# How many times do I forgive?



## 1confusedgal (Jul 28, 2011)

I have been married for almost 20 years. Ever since the beginning things were rough. But, I knew marriage was hard work and tried to stick through it. A few years into our marriage, my husband started to become more and more distant. He would make comments to make me feel bad, went out with his buddies until very late at night, and after I had my son (and was dealing with postpartum depression) he yelled at me because I didn't want to have sex. It was terribly nasty and I cried and begged God to help me. From then on, our fights would turn vicious, and I would end up crying and being miserable. 
Once when we went out together, which was rare, I had commented on the way home about what a nice time I had. I was serious, but some how he turned it around and started in on me in the car. It became so heated, he dropped me off in our neighborhood and told me to walk home. It didn't take long for him to come speeding around the corner to get me, but in no way was he apologetic. The argument continued at home. As the years passed, I became more complacent, knowing that if I didn't contribute to an argument, it wouldn't go anywhere. 

Then I found out my husband was having an affair. Actually, I found out that he had had many affairs. He used to pick women up at bars, go to their place and have sex. He even had his buddies in on things, and they never let on to me what was happening. I was completely oblivious to all of this. I guess I just assumed that things were finally getting better between us. Anyway, I decided, for the sake of my kids, to give him another chance. I made it clear that I was not going to take the crap he was dealing out prior to this acceptable. He agreed, and things changed. 
Unfortunately, I was constantly looking over my shoulder for clues that he was cheating. Oh my goodness, did I ever! I was checking pockets, and smelling shirts. There was no texting yet thank goodness. He was still an uptight man, who argued a lot, and liked to throw in comments to "put me in my place", but I never found actual proof he was cheating. All I told myself was that he was "better at hiding it" now. 
Years passed and things continued this way, sex became a job to avoid a fight, and it didn't matter anyway, because I always felt used anyway. He would roll over and fall asleep. Its sad when you cry after sex... We slowly drifted apart. 
My daughter once asked me why I let her father talk to me the way I do?

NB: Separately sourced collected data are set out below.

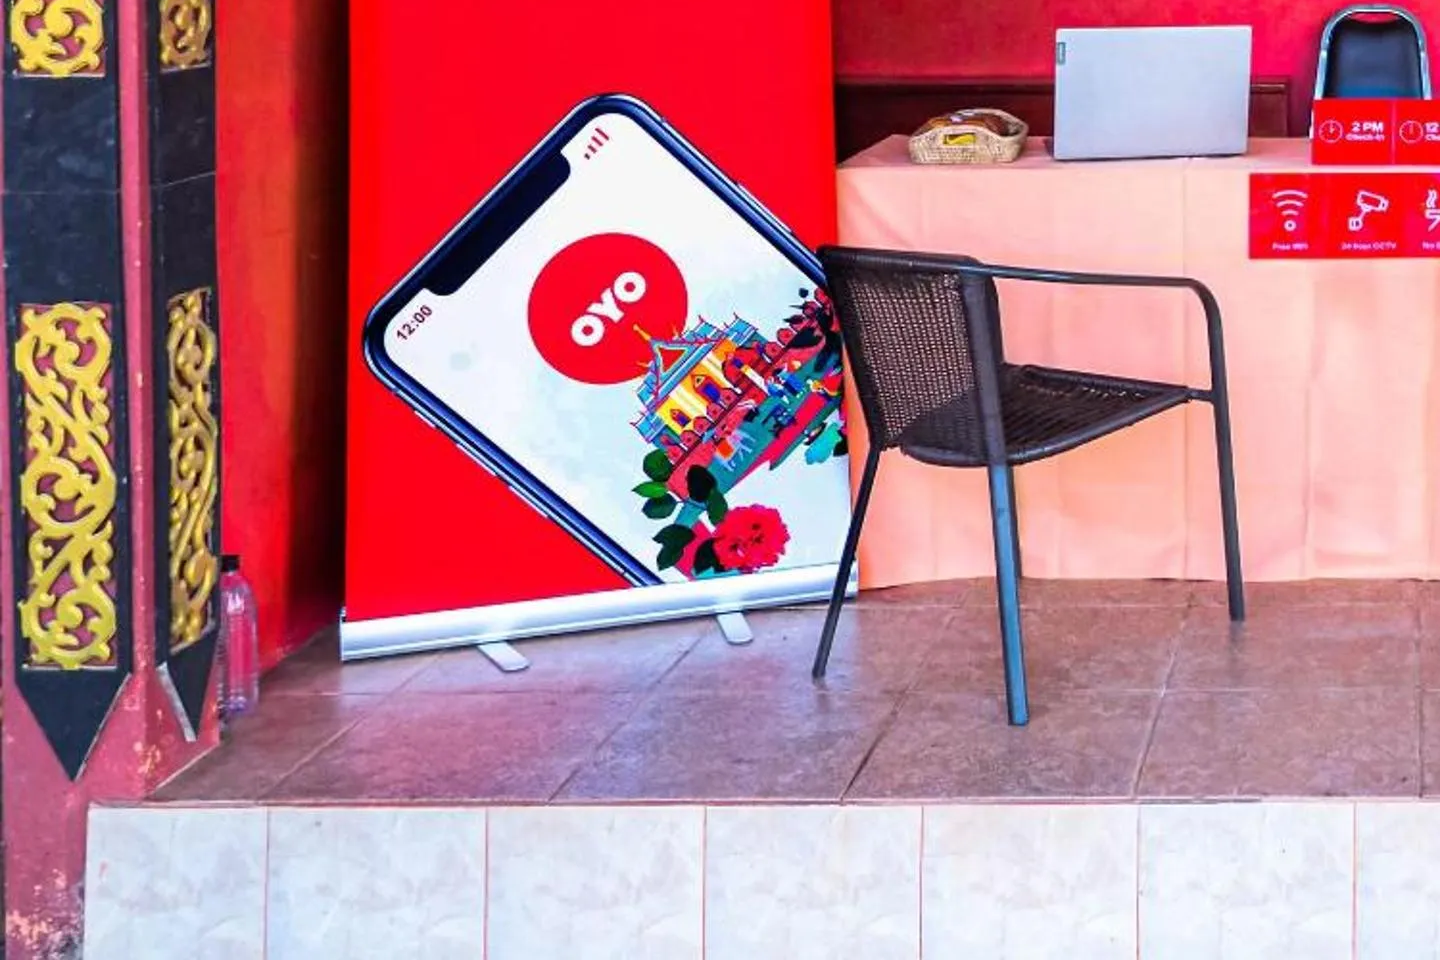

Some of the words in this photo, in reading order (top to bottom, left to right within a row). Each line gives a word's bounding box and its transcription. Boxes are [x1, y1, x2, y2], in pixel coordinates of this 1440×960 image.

[1352, 122, 1361, 132] 2
[1363, 122, 1384, 132] PM
[1425, 122, 1439, 132] 12
[570, 270, 647, 347] OYO
[396, 304, 434, 342] 12:00
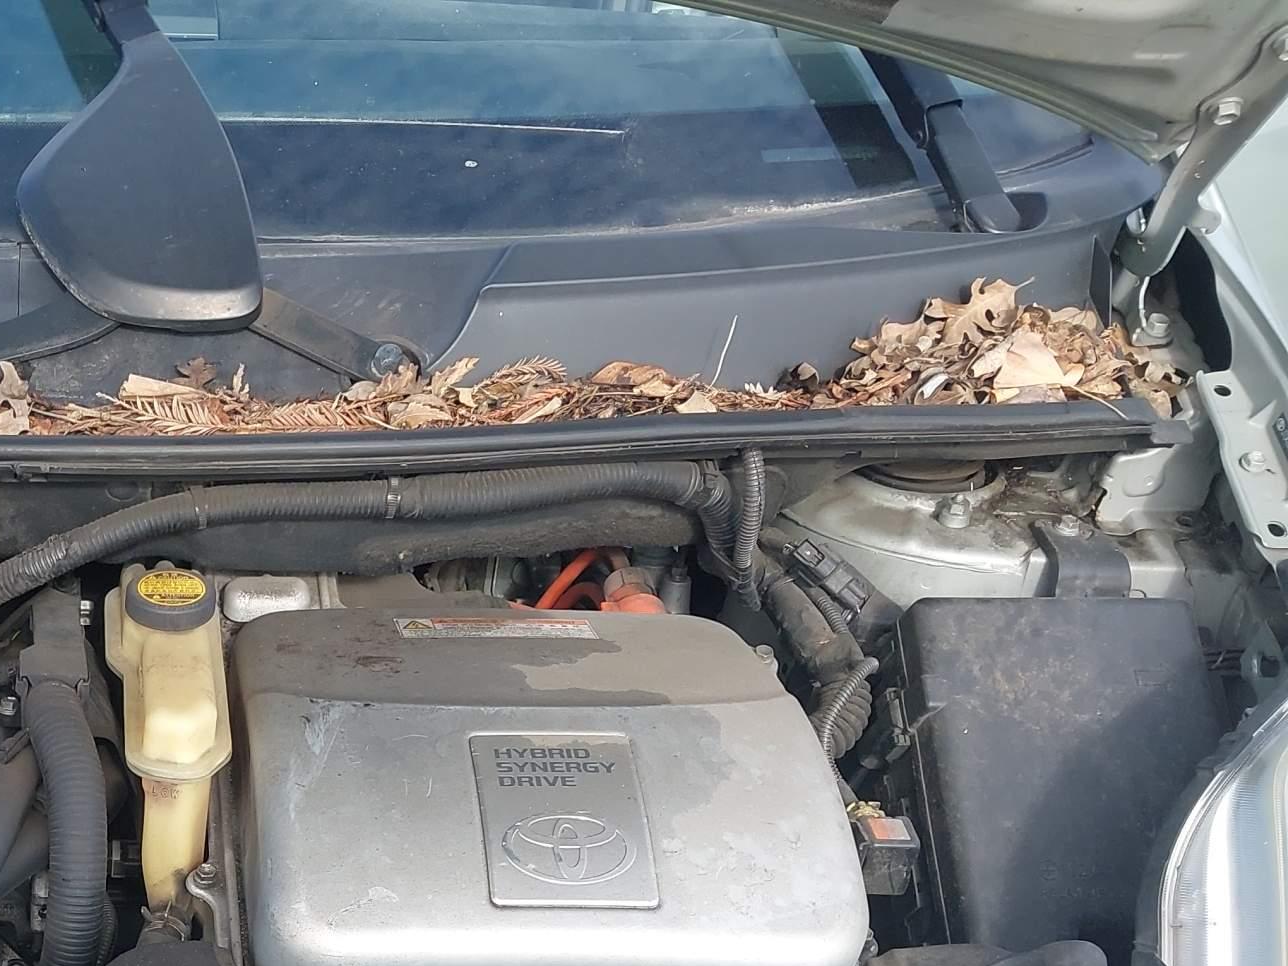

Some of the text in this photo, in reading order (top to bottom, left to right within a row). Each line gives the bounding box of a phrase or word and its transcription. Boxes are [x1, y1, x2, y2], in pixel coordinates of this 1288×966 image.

[494, 748, 591, 759] HYBRID
[495, 762, 616, 773] SYNERGY
[498, 776, 577, 787] DRIVE

A wake up call that I'm becoming a bigger doormat than ever. 
Then, one night he blew a major gasket over something trivial. It escalated and he ended up punching a hole in the wall, punching a tv, and a door. His knuckles were bloody and sore and he shook them in my face as he yelled at me. I was terrified, but he never hit me. He apologized profusely the following day, saying he was going to change and get some help for his anger problem. I started seeing a counselor. Basically, his anger management lasted a total of 2 sessions. And I put a time frame on how long I was going to stay in my marriage. 5 years. That was when my kids were out of high school. Kinda sad.
I started to really retreat after this. Taking advantage of times he would be away for business (relief... freedom).
Recently I found an old email he sent to a woman from a high school reunion a while back. It wasn't too terrible, but did say he really enjoyed spending time w her, and dancing, and texting back and forth on the long ride home. Then he mentioned he had her number so maybe he could call her sometime. She lives pretty far away, so I wasn't too concerned this would happen. I also found an email from her. It started with "Hi Sweetie". Sweetie?? and she attached a picture of them being cozy at the reunion. The weird thing is that these emails were sent to his work email and he even forwarded the one from her to yet a different work email. Im not sure how it ended up in our home email. I asked him about it, and he brushed it off as "excessive flirting" but nothing else. Not sure if I believed it,or even know what that is, but the fact he hid it from me threw up a red flag. 5 years later-- time for another reunion, and he facebook messages HER to see if she is going. There wasnt a reply, but who's to say they didn't communicate some other way. Once again, I'm back to searching for things in pockets, checking emails, smelling shirts. The bad thing is, I cant check his messages because it is a work phone. At one time I could get on his phone and look, but if I wanted to see if he was deleting any, it was impossible. And he still has his work emails, that I have to access to at all. 
He tells me he has not been unfaithful since I found out about the first one(s). Maybe he hasn't, but I'm still putting up with his crap. We went on a Christmas cruise a couple years back, and he decided to take scuba lessons. They lasted every day, for nearly the whole day! I spent the vacation by myself. When we did have some time together, it ended in him yelling at me, and calling me a bi*** over the hallway phone. I thought he was leaving the room to get "US" something to drink-- I was anticipating intimacy-- he went to get himself a sandwich. And he ate it by himself. 
So here I am. My first kid is off to college. My second still has 2 more years of high school. I dont want to wait anymore. Life is too short. But... my husbands father recently passed away, and he tells me he is a completely different man now. He realizes what he has, etc etc. It would be nice to believe him, but how many times do I have to forgive... and hopefully not become the doormat yet again? And, if he does change and I leave, some other woman will get the "best" of him... when I had the crud. Advice? Should I risk possible "bliss" and keep my "family" together, or should I get out while I can?


----------



## InlandTXMM (Feb 15, 2013)

Wow this goes so far beyond just adultery it's hard to pick a starting place.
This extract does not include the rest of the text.